Solar-blind technology is a set of technologies to produce images without interference from the Sun. This is done by using wavelengths of ultraviolet light that are totally absorbed by the ozone layer, yet are transmitted in the Earth's atmosphere. Wavelengths from 240 to 280 nm are completely absorbed by the ozone layer. Elements of this technology are ultraviolet light sources, ultraviolet image detectors, and filters that only transmit the range of wavelengths that are blocked by ozone. A system will also have a signal processing system, and a way to display the results (image).

==Ultraviolet sources==
Ultraviolet illumination can be produced from longer wavelengths using non-linear optical materials. These can be a second harmonic generator. They must have a suitable birefringence in order to phase match the output frequency doubled UV light. One compound commercially used is L-arginine phosphate monohydrate known as LAP. Research is underway for substances that are very non-linear, have a suitable birefringence, are transparent in the spectrum and have a high degree of resistance to damage from lasers.

==Optical system==
Normal glass does not transmit below 350 nm, so it is not used for optics in solar-blind systems. Instead calcium fluoride, fused silica, and magnesium fluoride are used as they are transparent to shorter wavelengths.

==Filters==
An optical filter can be used to block out visible light and near-ultraviolet light. It is important to have a high transmittance within the solar-blind spectrum, but to strongly block the other wavelengths.
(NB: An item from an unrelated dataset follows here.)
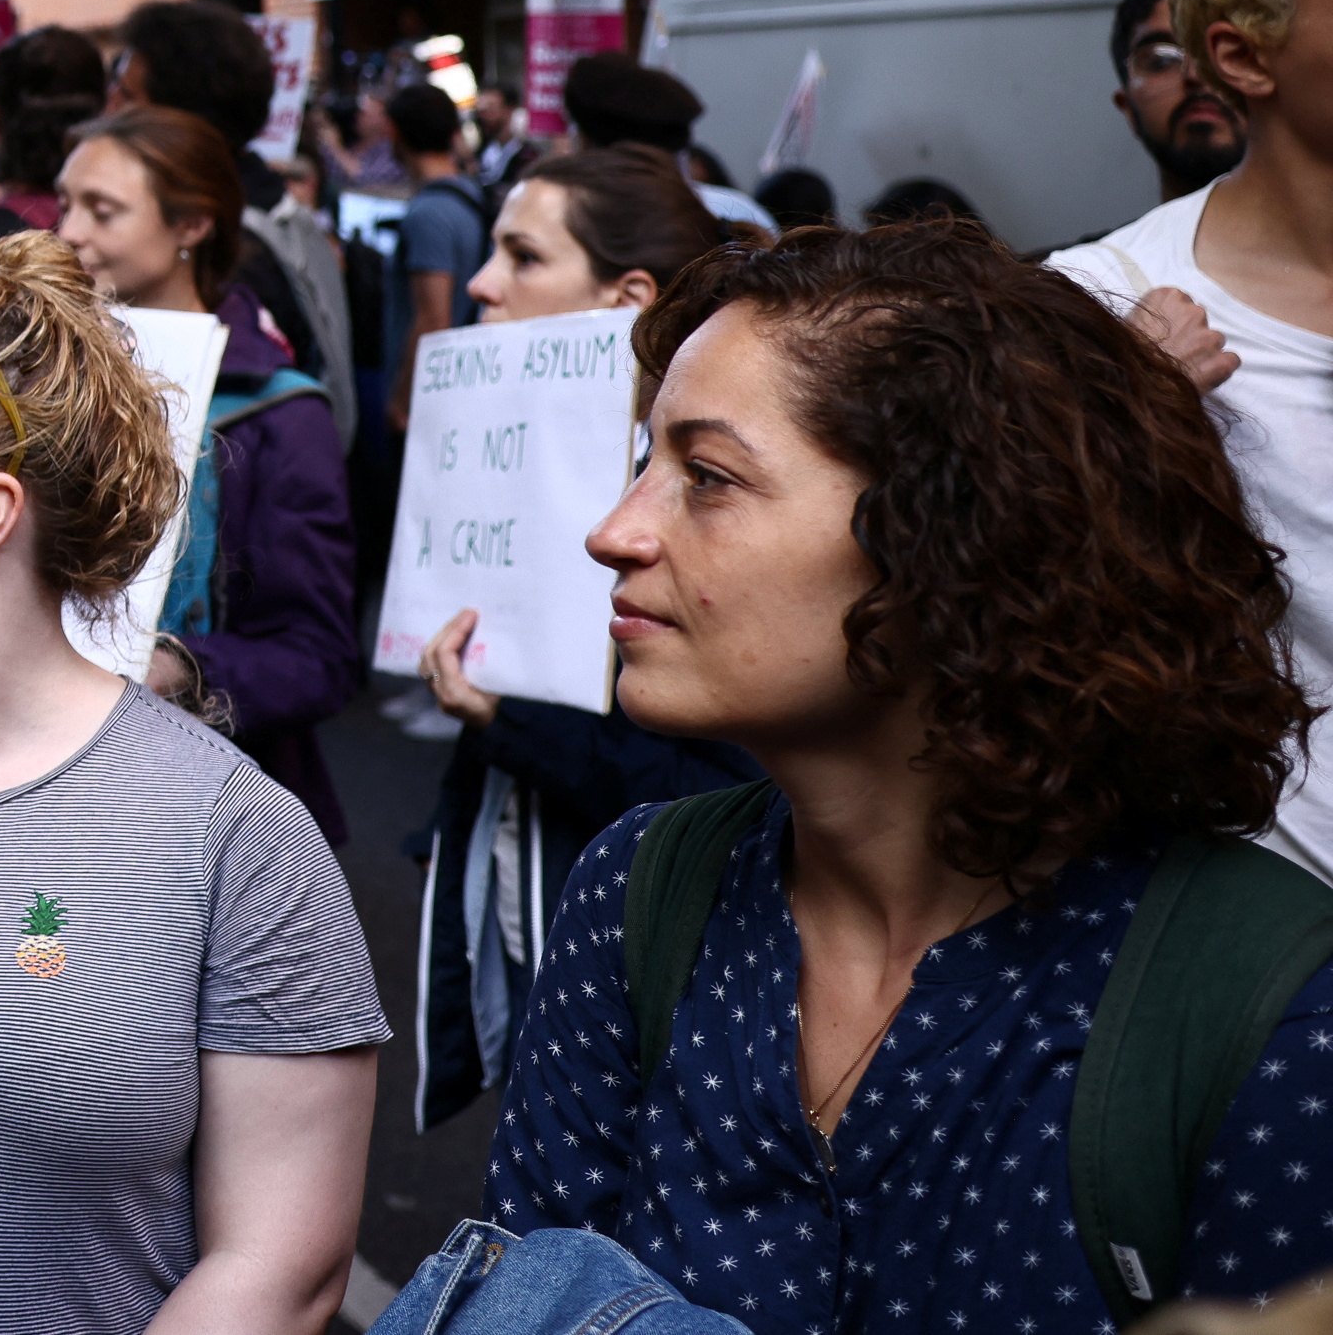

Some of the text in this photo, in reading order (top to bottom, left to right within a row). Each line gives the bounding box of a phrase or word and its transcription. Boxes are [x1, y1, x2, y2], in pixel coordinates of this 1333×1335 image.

[422, 332, 616, 393] SEEKING ASYLUM
[439, 422, 527, 472] IS NOT
[417, 518, 516, 568] A CRIME
Interference filters can pass 25% of the wanted rays, and reduce others by 1000 to 10,000 times. However they are unstable and have a narrow field of view.

Absorption filters may only pass 10% of wanted UV, but can reject by a ratio of 10^{12}. They can have a wide field of view and are stable.

==Ultraviolet detectors==
Semiconductor ultraviolet detectors are solid state, and convert an ultraviolet photon into an electric pulse. If they are transparent to visible light, then they will not be sensitive to light.

| name | limit nm | efficiency | ref |
|---|---|---|---|
| hexagonal boron nitride | 300 |  |  |
| hydrogenated amorphous silicon | 187 | 20% |  |
| amorphous silicon carbide | 187 | 20% |  |
| gallium nitride |  |  |  |
| zinc oxide |  |  |  |
| diamond |  |  |  |
| photomultiplier tube | 300 | 30% |  |

==Use==
Solar-blind imaging can be used to detect corona discharge, in electrical infrastructure. Missile exhaust can be detected from the troposphere or ground. Also when looking down on the Earth from space, the Earth appears dark in this range, so rockets can be easily detected from above once they pass the ozone layer.
Israel, the People's Republic of China (PRC), Russia, South Africa, the United Kingdom (UK), and the United States (US) are developing this technology.